[Saved entries]
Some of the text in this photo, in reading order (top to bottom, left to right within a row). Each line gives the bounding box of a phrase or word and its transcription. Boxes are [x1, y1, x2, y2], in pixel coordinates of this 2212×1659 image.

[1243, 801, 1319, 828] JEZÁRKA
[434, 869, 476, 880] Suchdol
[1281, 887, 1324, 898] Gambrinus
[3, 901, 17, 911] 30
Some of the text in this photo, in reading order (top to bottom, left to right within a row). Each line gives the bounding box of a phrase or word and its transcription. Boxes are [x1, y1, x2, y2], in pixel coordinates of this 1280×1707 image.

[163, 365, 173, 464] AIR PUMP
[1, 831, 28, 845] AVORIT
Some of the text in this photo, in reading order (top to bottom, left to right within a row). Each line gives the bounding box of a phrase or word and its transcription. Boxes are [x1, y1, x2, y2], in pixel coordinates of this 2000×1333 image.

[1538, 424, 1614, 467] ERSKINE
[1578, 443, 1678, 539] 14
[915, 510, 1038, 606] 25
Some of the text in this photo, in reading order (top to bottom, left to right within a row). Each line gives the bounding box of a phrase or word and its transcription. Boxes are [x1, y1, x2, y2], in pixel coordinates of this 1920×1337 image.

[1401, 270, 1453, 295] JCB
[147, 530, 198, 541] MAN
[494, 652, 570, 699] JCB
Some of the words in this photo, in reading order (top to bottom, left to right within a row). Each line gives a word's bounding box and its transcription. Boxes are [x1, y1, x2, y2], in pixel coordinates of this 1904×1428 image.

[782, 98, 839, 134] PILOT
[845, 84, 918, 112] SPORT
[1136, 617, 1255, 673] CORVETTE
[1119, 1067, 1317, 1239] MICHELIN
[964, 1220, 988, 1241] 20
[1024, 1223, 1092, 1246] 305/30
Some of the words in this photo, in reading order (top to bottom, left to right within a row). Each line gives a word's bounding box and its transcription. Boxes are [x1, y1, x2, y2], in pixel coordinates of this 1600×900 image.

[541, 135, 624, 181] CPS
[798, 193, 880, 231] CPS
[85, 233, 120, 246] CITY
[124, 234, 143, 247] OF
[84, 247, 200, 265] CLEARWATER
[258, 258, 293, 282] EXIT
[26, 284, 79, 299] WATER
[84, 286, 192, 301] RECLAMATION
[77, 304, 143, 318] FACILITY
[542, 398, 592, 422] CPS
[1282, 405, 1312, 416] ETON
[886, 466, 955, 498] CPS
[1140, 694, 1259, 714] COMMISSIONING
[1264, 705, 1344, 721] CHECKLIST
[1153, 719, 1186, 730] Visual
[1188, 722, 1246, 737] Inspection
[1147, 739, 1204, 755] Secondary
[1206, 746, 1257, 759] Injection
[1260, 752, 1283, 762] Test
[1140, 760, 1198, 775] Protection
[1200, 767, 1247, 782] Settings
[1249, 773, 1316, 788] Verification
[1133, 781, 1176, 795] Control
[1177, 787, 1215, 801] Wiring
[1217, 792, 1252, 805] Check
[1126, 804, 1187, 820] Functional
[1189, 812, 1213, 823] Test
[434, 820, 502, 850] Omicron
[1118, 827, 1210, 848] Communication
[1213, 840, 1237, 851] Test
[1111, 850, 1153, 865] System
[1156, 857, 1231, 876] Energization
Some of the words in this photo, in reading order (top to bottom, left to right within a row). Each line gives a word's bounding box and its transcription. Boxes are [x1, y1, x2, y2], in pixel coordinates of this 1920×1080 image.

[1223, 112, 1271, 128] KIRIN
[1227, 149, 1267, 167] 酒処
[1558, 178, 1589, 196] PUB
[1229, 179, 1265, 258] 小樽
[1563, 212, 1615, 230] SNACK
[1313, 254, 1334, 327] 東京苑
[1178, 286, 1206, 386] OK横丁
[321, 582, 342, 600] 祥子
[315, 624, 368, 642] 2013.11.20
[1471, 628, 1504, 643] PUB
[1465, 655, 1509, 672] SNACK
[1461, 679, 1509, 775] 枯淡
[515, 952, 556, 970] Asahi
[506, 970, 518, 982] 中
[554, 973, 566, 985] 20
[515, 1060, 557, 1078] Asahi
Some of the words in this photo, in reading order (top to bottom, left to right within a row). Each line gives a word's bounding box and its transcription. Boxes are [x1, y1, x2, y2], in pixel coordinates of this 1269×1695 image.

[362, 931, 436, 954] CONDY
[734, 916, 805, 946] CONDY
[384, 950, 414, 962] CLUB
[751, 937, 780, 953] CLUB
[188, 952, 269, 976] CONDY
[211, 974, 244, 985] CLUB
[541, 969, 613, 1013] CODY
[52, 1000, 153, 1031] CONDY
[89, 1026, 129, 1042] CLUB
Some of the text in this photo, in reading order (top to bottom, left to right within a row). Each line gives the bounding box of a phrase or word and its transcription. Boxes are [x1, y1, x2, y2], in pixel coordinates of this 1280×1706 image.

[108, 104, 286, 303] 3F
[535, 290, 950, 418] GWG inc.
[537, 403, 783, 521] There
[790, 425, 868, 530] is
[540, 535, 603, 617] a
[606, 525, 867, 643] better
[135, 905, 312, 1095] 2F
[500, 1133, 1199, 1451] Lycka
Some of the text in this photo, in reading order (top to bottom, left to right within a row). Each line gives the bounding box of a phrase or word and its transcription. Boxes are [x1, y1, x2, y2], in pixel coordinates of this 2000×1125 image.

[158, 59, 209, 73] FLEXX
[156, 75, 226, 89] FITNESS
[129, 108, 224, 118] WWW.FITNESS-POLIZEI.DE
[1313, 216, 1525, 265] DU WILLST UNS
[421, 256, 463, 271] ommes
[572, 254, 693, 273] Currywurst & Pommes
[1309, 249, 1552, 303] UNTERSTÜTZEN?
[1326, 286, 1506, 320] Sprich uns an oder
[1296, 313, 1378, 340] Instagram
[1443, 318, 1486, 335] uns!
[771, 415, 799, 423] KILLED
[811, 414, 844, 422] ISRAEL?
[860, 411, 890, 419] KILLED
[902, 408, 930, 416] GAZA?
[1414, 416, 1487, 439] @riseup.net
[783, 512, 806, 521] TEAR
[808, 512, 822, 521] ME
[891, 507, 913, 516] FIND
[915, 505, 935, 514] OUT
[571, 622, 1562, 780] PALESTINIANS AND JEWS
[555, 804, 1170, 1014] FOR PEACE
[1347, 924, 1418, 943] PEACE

## What you need to do
All lines of the data are to be repeated exactly as they stand.

## Response box
Some of the text in this photo, in reading order (top to bottom, left to right within a row). Each line gives the bounding box of a phrase or word and its transcription. Boxes are [x1, y1, x2, y2], in pixel coordinates of this 2212×1659 image.

[1243, 801, 1319, 828] JEZÁRKA
[434, 869, 476, 880] Suchdol
[1281, 887, 1324, 898] Gambrinus
[3, 901, 17, 911] 30
Some of the text in this photo, in reading order (top to bottom, left to right within a row). Each line gives the bounding box of a phrase or word and its transcription. Boxes are [x1, y1, x2, y2], in pixel coordinates of this 1280×1707 image.

[163, 365, 173, 464] AIR PUMP
[1, 831, 28, 845] AVORIT
Some of the text in this photo, in reading order (top to bottom, left to right within a row). Each line gives the bounding box of a phrase or word and its transcription. Boxes are [x1, y1, x2, y2], in pixel coordinates of this 2000×1333 image.

[1538, 424, 1614, 467] ERSKINE
[1578, 443, 1678, 539] 14
[915, 510, 1038, 606] 25
Some of the text in this photo, in reading order (top to bottom, left to right within a row). Each line gives the bounding box of a phrase or word and its transcription. Boxes are [x1, y1, x2, y2], in pixel coordinates of this 1920×1337 image.

[1401, 270, 1453, 295] JCB
[147, 530, 198, 541] MAN
[494, 652, 570, 699] JCB
Some of the words in this photo, in reading order (top to bottom, left to right within a row). Each line gives a word's bounding box and its transcription. Boxes are [x1, y1, x2, y2], in pixel coordinates of this 1904×1428 image.

[782, 98, 839, 134] PILOT
[845, 84, 918, 112] SPORT
[1136, 617, 1255, 673] CORVETTE
[1119, 1067, 1317, 1239] MICHELIN
[964, 1220, 988, 1241] 20
[1024, 1223, 1092, 1246] 305/30
Some of the words in this photo, in reading order (top to bottom, left to right within a row). Each line gives a word's bounding box and its transcription. Boxes are [x1, y1, x2, y2], in pixel coordinates of this 1600×900 image.

[541, 135, 624, 181] CPS
[798, 193, 880, 231] CPS
[85, 233, 120, 246] CITY
[124, 234, 143, 247] OF
[84, 247, 200, 265] CLEARWATER
[258, 258, 293, 282] EXIT
[26, 284, 79, 299] WATER
[84, 286, 192, 301] RECLAMATION
[77, 304, 143, 318] FACILITY
[542, 398, 592, 422] CPS
[1282, 405, 1312, 416] ETON
[886, 466, 955, 498] CPS
[1140, 694, 1259, 714] COMMISSIONING
[1264, 705, 1344, 721] CHECKLIST
[1153, 719, 1186, 730] Visual
[1188, 722, 1246, 737] Inspection
[1147, 739, 1204, 755] Secondary
[1206, 746, 1257, 759] Injection
[1260, 752, 1283, 762] Test
[1140, 760, 1198, 775] Protection
[1200, 767, 1247, 782] Settings
[1249, 773, 1316, 788] Verification
[1133, 781, 1176, 795] Control
[1177, 787, 1215, 801] Wiring
[1217, 792, 1252, 805] Check
[1126, 804, 1187, 820] Functional
[1189, 812, 1213, 823] Test
[434, 820, 502, 850] Omicron
[1118, 827, 1210, 848] Communication
[1213, 840, 1237, 851] Test
[1111, 850, 1153, 865] System
[1156, 857, 1231, 876] Energization
Some of the words in this photo, in reading order (top to bottom, left to right within a row). Each line gives a word's bounding box and its transcription. Boxes are [x1, y1, x2, y2], in pixel coordinates of this 1920×1080 image.

[1223, 112, 1271, 128] KIRIN
[1227, 149, 1267, 167] 酒処
[1558, 178, 1589, 196] PUB
[1229, 179, 1265, 258] 小樽
[1563, 212, 1615, 230] SNACK
[1313, 254, 1334, 327] 東京苑
[1178, 286, 1206, 386] OK横丁
[321, 582, 342, 600] 祥子
[315, 624, 368, 642] 2013.11.20
[1471, 628, 1504, 643] PUB
[1465, 655, 1509, 672] SNACK
[1461, 679, 1509, 775] 枯淡
[515, 952, 556, 970] Asahi
[506, 970, 518, 982] 中
[554, 973, 566, 985] 20
[515, 1060, 557, 1078] Asahi
Some of the words in this photo, in reading order (top to bottom, left to right within a row). Each line gives a word's bounding box and its transcription. Boxes are [x1, y1, x2, y2], in pixel coordinates of this 1269×1695 image.

[362, 931, 436, 954] CONDY
[734, 916, 805, 946] CONDY
[384, 950, 414, 962] CLUB
[751, 937, 780, 953] CLUB
[188, 952, 269, 976] CONDY
[211, 974, 244, 985] CLUB
[541, 969, 613, 1013] CODY
[52, 1000, 153, 1031] CONDY
[89, 1026, 129, 1042] CLUB
Some of the text in this photo, in reading order (top to bottom, left to right within a row). Each line gives the bounding box of a phrase or word and its transcription. Boxes are [x1, y1, x2, y2], in pixel coordinates of this 1280×1706 image.

[108, 104, 286, 303] 3F
[535, 290, 950, 418] GWG inc.
[537, 403, 783, 521] There
[790, 425, 868, 530] is
[540, 535, 603, 617] a
[606, 525, 867, 643] better
[135, 905, 312, 1095] 2F
[500, 1133, 1199, 1451] Lycka
Some of the text in this photo, in reading order (top to bottom, left to right within a row). Each line gives the bounding box of a phrase or word and its transcription. Boxes are [x1, y1, x2, y2], in pixel coordinates of this 2000×1125 image.

[158, 59, 209, 73] FLEXX
[156, 75, 226, 89] FITNESS
[129, 108, 224, 118] WWW.FITNESS-POLIZEI.DE
[1313, 216, 1525, 265] DU WILLST UNS
[421, 256, 463, 271] ommes
[572, 254, 693, 273] Currywurst & Pommes
[1309, 249, 1552, 303] UNTERSTÜTZEN?
[1326, 286, 1506, 320] Sprich uns an oder
[1296, 313, 1378, 340] Instagram
[1443, 318, 1486, 335] uns!
[771, 415, 799, 423] KILLED
[811, 414, 844, 422] ISRAEL?
[860, 411, 890, 419] KILLED
[902, 408, 930, 416] GAZA?
[1414, 416, 1487, 439] @riseup.net
[783, 512, 806, 521] TEAR
[808, 512, 822, 521] ME
[891, 507, 913, 516] FIND
[915, 505, 935, 514] OUT
[571, 622, 1562, 780] PALESTINIANS AND JEWS
[555, 804, 1170, 1014] FOR PEACE
[1347, 924, 1418, 943] PEACE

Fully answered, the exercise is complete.